» **Extracted information**
□ □ □ □ □ □ □

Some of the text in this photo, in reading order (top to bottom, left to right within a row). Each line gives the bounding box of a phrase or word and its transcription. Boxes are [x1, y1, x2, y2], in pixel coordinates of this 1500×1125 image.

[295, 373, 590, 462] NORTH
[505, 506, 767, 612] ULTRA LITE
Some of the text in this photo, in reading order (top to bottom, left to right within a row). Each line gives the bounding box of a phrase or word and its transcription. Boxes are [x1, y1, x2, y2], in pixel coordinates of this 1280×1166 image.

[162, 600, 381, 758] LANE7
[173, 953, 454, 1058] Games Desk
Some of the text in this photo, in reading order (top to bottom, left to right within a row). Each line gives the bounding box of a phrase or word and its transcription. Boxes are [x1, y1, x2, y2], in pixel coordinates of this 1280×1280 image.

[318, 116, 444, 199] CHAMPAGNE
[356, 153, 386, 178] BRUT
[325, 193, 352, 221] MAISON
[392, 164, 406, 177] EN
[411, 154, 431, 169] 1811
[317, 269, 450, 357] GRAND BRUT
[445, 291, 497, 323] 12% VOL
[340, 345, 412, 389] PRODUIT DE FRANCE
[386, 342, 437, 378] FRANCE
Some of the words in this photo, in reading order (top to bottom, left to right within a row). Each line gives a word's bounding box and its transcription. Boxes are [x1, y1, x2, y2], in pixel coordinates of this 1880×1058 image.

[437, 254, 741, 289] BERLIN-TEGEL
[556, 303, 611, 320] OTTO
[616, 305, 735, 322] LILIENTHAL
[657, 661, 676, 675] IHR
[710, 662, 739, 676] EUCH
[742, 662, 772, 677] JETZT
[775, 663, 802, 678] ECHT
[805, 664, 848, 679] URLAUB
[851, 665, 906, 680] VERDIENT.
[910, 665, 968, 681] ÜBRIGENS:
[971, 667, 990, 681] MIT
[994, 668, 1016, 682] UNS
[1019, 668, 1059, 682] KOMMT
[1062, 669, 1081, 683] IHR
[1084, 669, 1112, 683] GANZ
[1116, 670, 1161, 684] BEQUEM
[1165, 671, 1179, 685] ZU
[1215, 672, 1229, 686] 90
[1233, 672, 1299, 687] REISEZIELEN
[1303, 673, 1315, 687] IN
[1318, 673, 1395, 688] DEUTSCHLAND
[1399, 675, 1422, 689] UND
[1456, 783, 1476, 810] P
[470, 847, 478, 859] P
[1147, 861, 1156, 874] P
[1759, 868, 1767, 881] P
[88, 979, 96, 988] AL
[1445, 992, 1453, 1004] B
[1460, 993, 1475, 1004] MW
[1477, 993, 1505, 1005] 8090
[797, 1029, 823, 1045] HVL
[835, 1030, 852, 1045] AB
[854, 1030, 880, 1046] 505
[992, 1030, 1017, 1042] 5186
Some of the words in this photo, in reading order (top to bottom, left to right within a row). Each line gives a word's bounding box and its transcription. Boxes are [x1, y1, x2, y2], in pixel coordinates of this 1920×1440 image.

□ □ □ □ □ □ □

» **What you need to do**
Using the listing above, print every entry verbatim.

» **Result for this task**
Some of the text in this photo, in reading order (top to bottom, left to right within a row). Each line gives the bounding box of a phrase or word and its transcription. Boxes are [x1, y1, x2, y2], in pixel coordinates of this 1500×1125 image.

[295, 373, 590, 462] NORTH
[505, 506, 767, 612] ULTRA LITE
Some of the text in this photo, in reading order (top to bottom, left to right within a row). Each line gives the bounding box of a phrase or word and its transcription. Boxes are [x1, y1, x2, y2], in pixel coordinates of this 1280×1166 image.

[162, 600, 381, 758] LANE7
[173, 953, 454, 1058] Games Desk
Some of the text in this photo, in reading order (top to bottom, left to right within a row). Each line gives the bounding box of a phrase or word and its transcription. Boxes are [x1, y1, x2, y2], in pixel coordinates of this 1280×1280 image.

[318, 116, 444, 199] CHAMPAGNE
[356, 153, 386, 178] BRUT
[325, 193, 352, 221] MAISON
[392, 164, 406, 177] EN
[411, 154, 431, 169] 1811
[317, 269, 450, 357] GRAND BRUT
[445, 291, 497, 323] 12% VOL
[340, 345, 412, 389] PRODUIT DE FRANCE
[386, 342, 437, 378] FRANCE
Some of the words in this photo, in reading order (top to bottom, left to right within a row). Each line gives a word's bounding box and its transcription. Boxes are [x1, y1, x2, y2], in pixel coordinates of this 1880×1058 image.

[437, 254, 741, 289] BERLIN-TEGEL
[556, 303, 611, 320] OTTO
[616, 305, 735, 322] LILIENTHAL
[657, 661, 676, 675] IHR
[710, 662, 739, 676] EUCH
[742, 662, 772, 677] JETZT
[775, 663, 802, 678] ECHT
[805, 664, 848, 679] URLAUB
[851, 665, 906, 680] VERDIENT.
[910, 665, 968, 681] ÜBRIGENS:
[971, 667, 990, 681] MIT
[994, 668, 1016, 682] UNS
[1019, 668, 1059, 682] KOMMT
[1062, 669, 1081, 683] IHR
[1084, 669, 1112, 683] GANZ
[1116, 670, 1161, 684] BEQUEM
[1165, 671, 1179, 685] ZU
[1215, 672, 1229, 686] 90
[1233, 672, 1299, 687] REISEZIELEN
[1303, 673, 1315, 687] IN
[1318, 673, 1395, 688] DEUTSCHLAND
[1399, 675, 1422, 689] UND
[1456, 783, 1476, 810] P
[470, 847, 478, 859] P
[1147, 861, 1156, 874] P
[1759, 868, 1767, 881] P
[88, 979, 96, 988] AL
[1445, 992, 1453, 1004] B
[1460, 993, 1475, 1004] MW
[1477, 993, 1505, 1005] 8090
[797, 1029, 823, 1045] HVL
[835, 1030, 852, 1045] AB
[854, 1030, 880, 1046] 505
[992, 1030, 1017, 1042] 5186
Some of the words in this photo, in reading order (top to bottom, left to right within a row). Each line gives a word's bounding box and its transcription. Boxes are [x1, y1, x2, y2], in pixel coordinates of this 1920×1440 image.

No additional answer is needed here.